* [Work instruction]: Copy out every record below exactly as written, but leave out any pictures.

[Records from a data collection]
┏━━

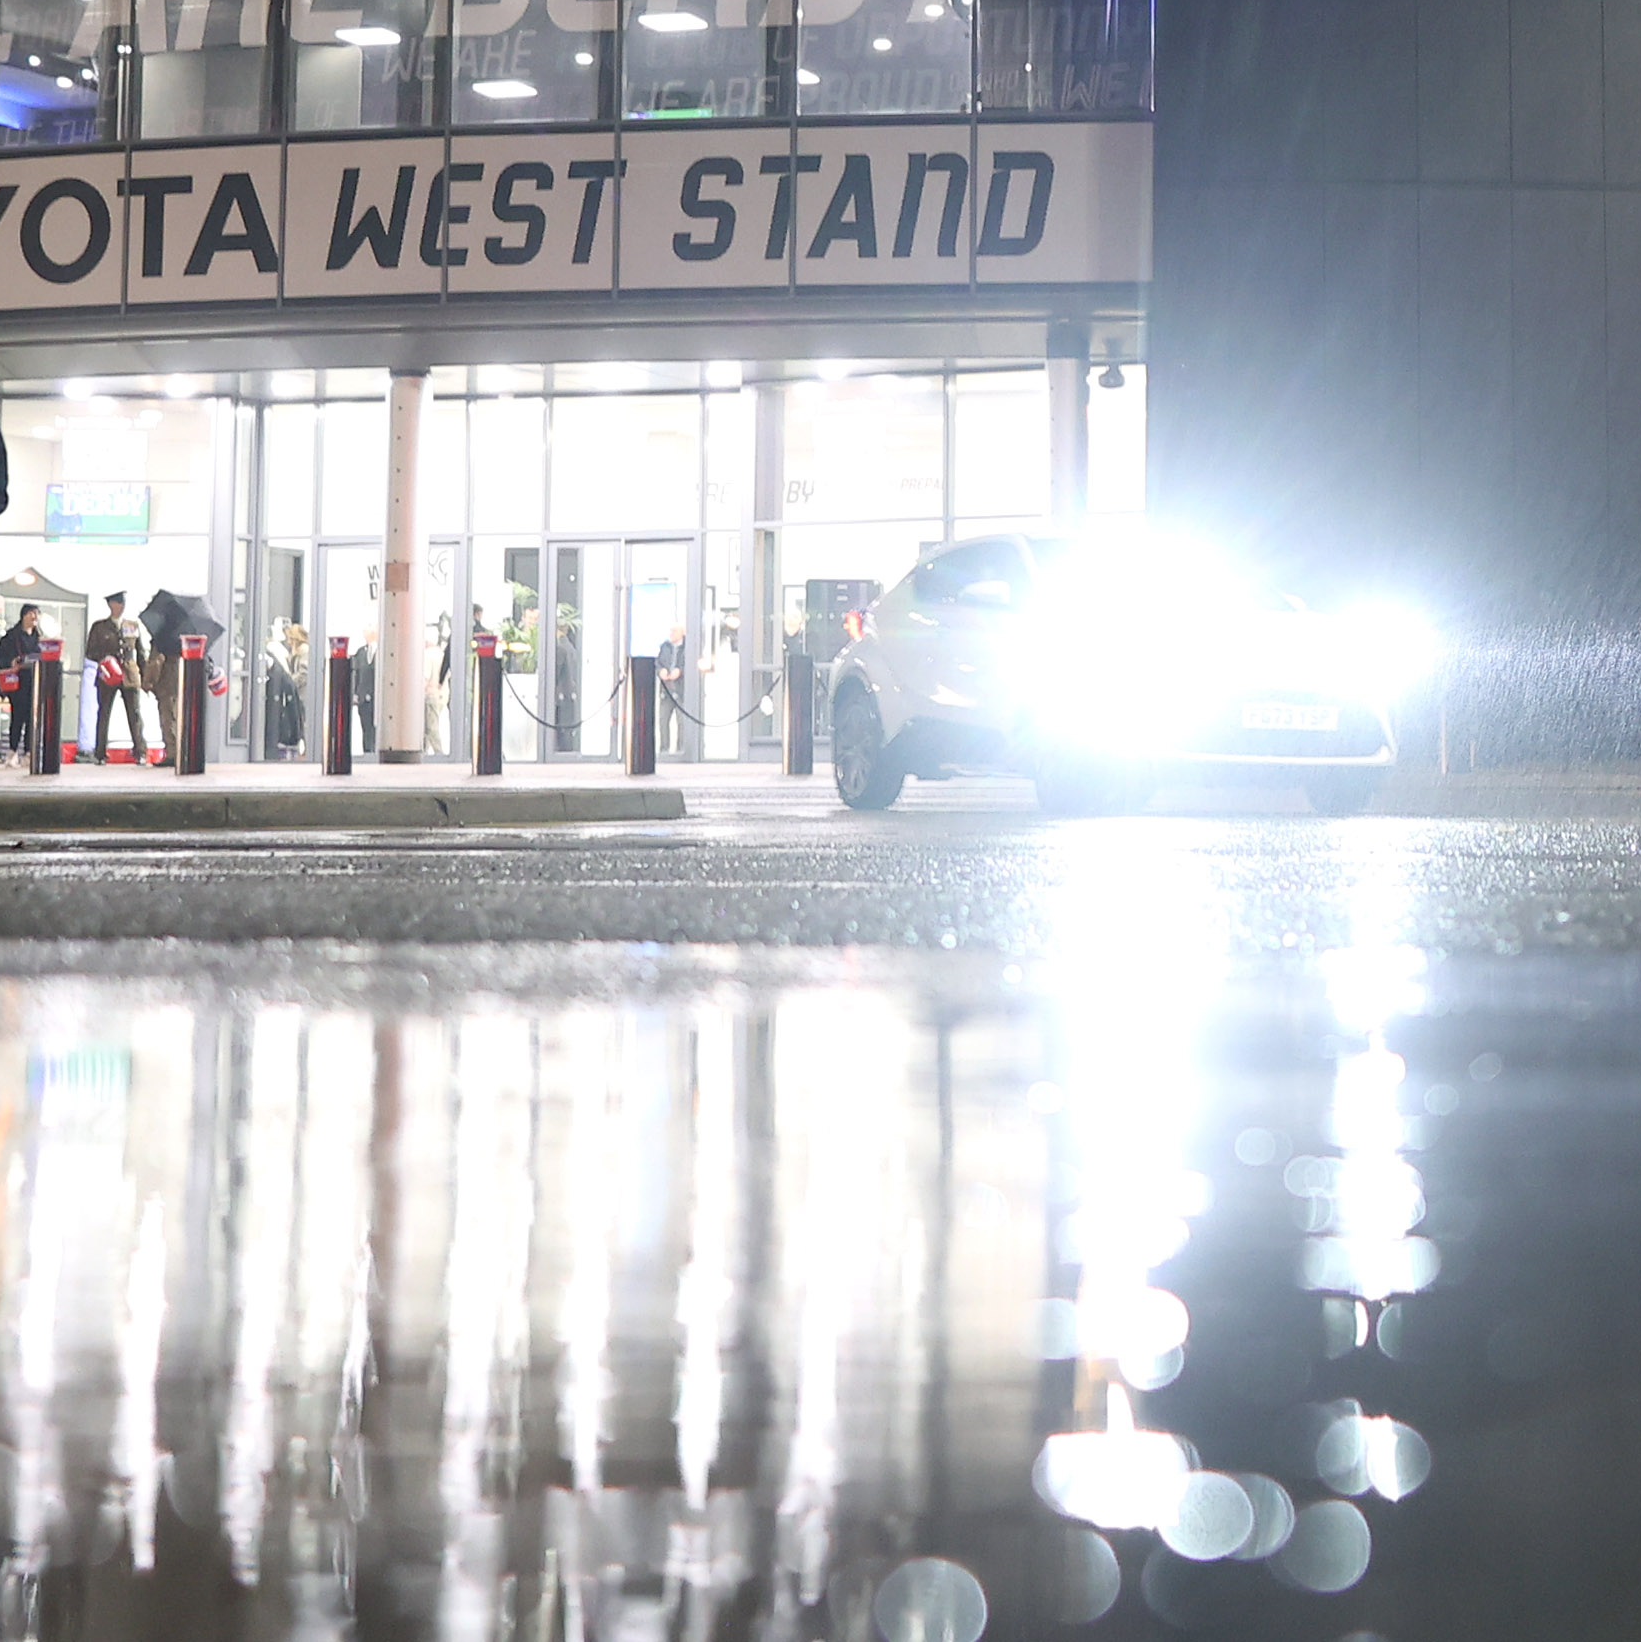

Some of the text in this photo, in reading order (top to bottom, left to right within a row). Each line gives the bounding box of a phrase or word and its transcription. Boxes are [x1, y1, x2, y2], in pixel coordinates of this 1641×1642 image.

[326, 160, 627, 270] WEST
[673, 150, 1055, 261] STAND
[900, 476, 944, 492] PREPA
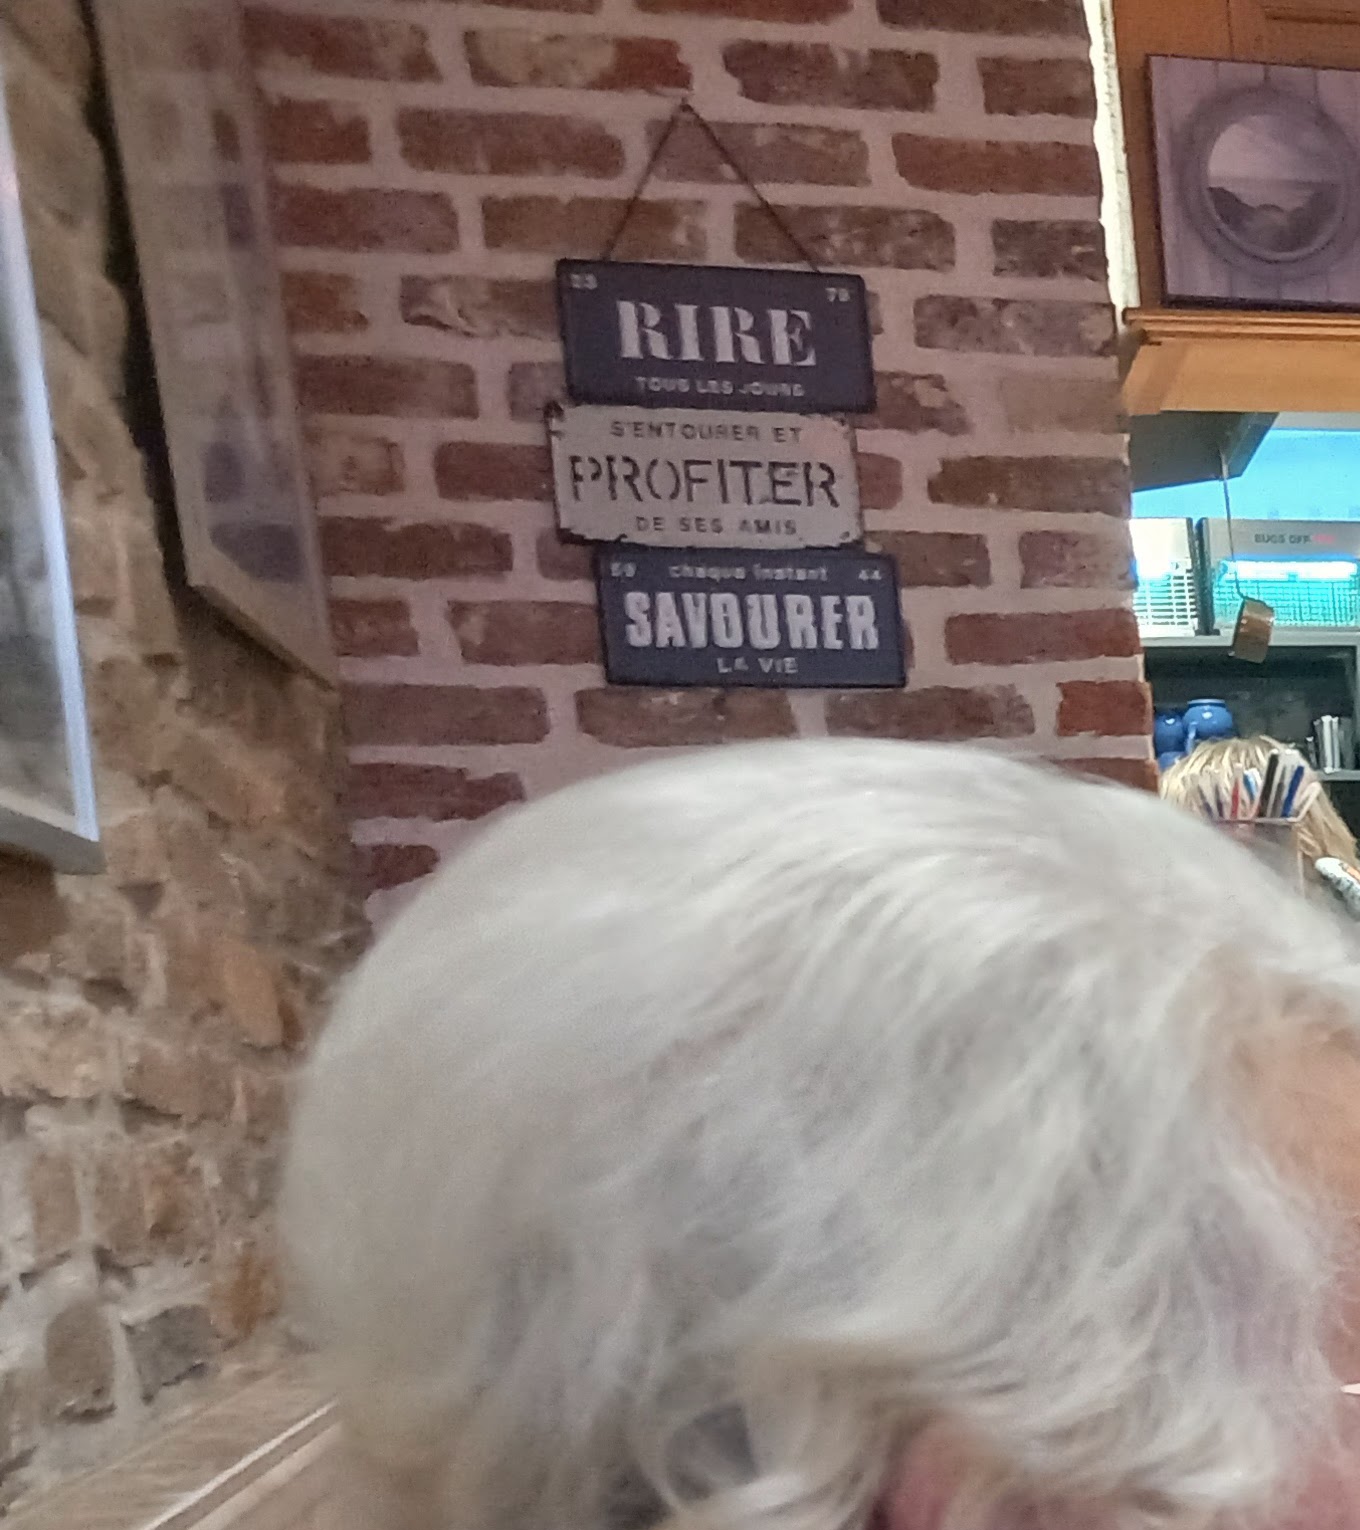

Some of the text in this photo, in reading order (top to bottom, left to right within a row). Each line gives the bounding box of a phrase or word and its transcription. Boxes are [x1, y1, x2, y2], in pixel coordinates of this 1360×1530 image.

[616, 300, 817, 366] RIRE
[636, 376, 690, 392] TOUS
[696, 380, 734, 394] LES
[609, 421, 803, 442] S'ENTOURER ET
[569, 454, 841, 508] PROFITER
[635, 516, 798, 535] DE SES AMIS
[625, 591, 879, 650] SAVOURER
[717, 657, 798, 674] LA VIE
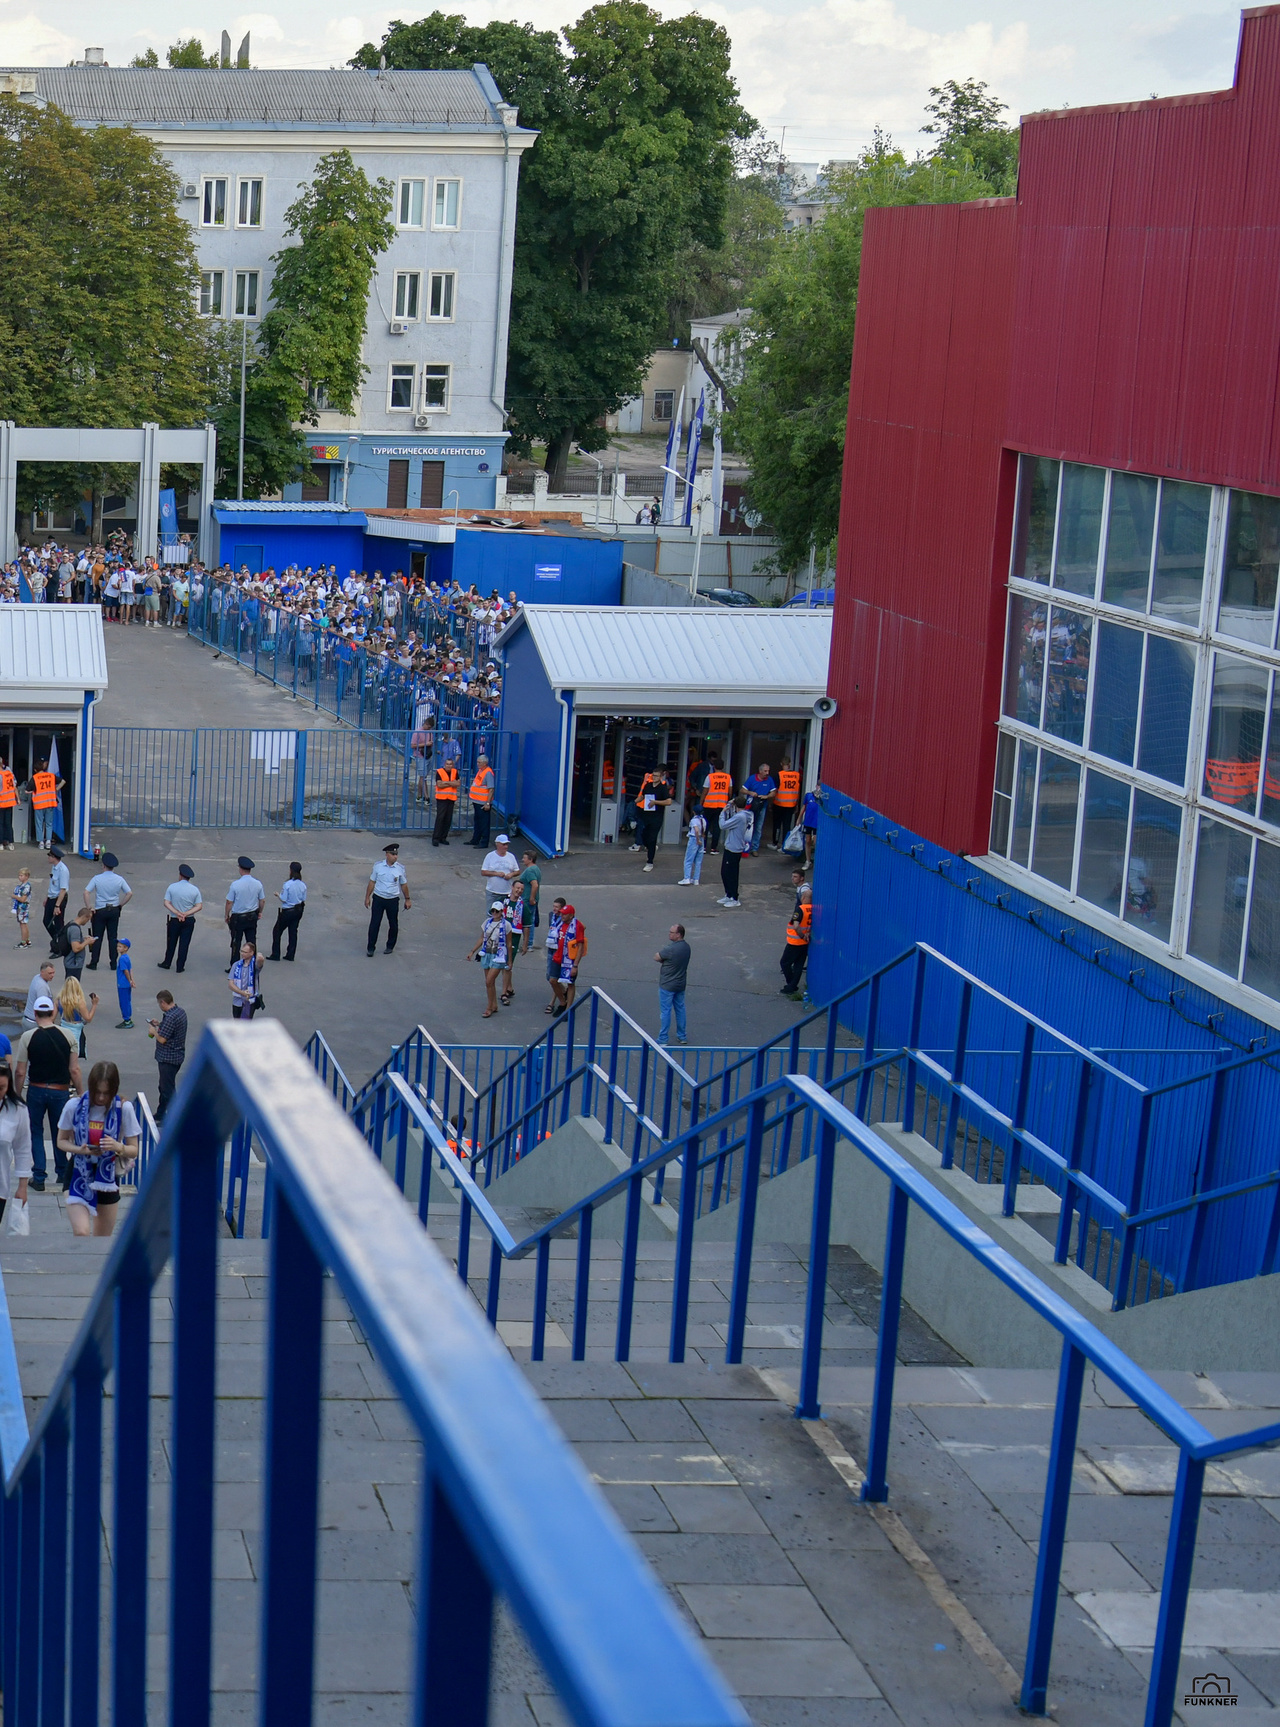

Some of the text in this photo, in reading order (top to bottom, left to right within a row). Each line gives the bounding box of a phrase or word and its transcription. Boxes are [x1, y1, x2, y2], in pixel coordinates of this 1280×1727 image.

[372, 447, 486, 456] ТУРИСТИЧЕСКОЕ АГЕНТСТВО
[713, 781, 727, 790] 219
[783, 780, 797, 790] 182

┗━━

* [Response below]:
Some of the text in this photo, in reading order (top to bottom, left to right within a row). Each line gives the bounding box of a phrase or word and its transcription. Boxes are [x1, y1, x2, y2], in pixel coordinates of this 1641×1642 image.

[326, 160, 627, 270] WEST
[673, 150, 1055, 261] STAND
[900, 476, 944, 492] PREPA

Some of the text in this photo, in reading order (top to bottom, left to right within a row). Each line gives the bounding box of a phrase or word and its transcription. Boxes are [x1, y1, x2, y2], in pixel coordinates of this 1360×1530 image.

[616, 300, 817, 366] RIRE
[636, 376, 690, 392] TOUS
[696, 380, 734, 394] LES
[609, 421, 803, 442] S'ENTOURER ET
[569, 454, 841, 508] PROFITER
[635, 516, 798, 535] DE SES AMIS
[625, 591, 879, 650] SAVOURER
[717, 657, 798, 674] LA VIE

Some of the text in this photo, in reading order (top to bottom, left to right within a row). Each line gives the bounding box of a phrase or word and its transcription. Boxes are [x1, y1, x2, y2], in pixel coordinates of this 1280×1727 image.

[372, 447, 486, 456] ТУРИСТИЧЕСКОЕ АГЕНТСТВО
[713, 781, 727, 790] 219
[783, 780, 797, 790] 182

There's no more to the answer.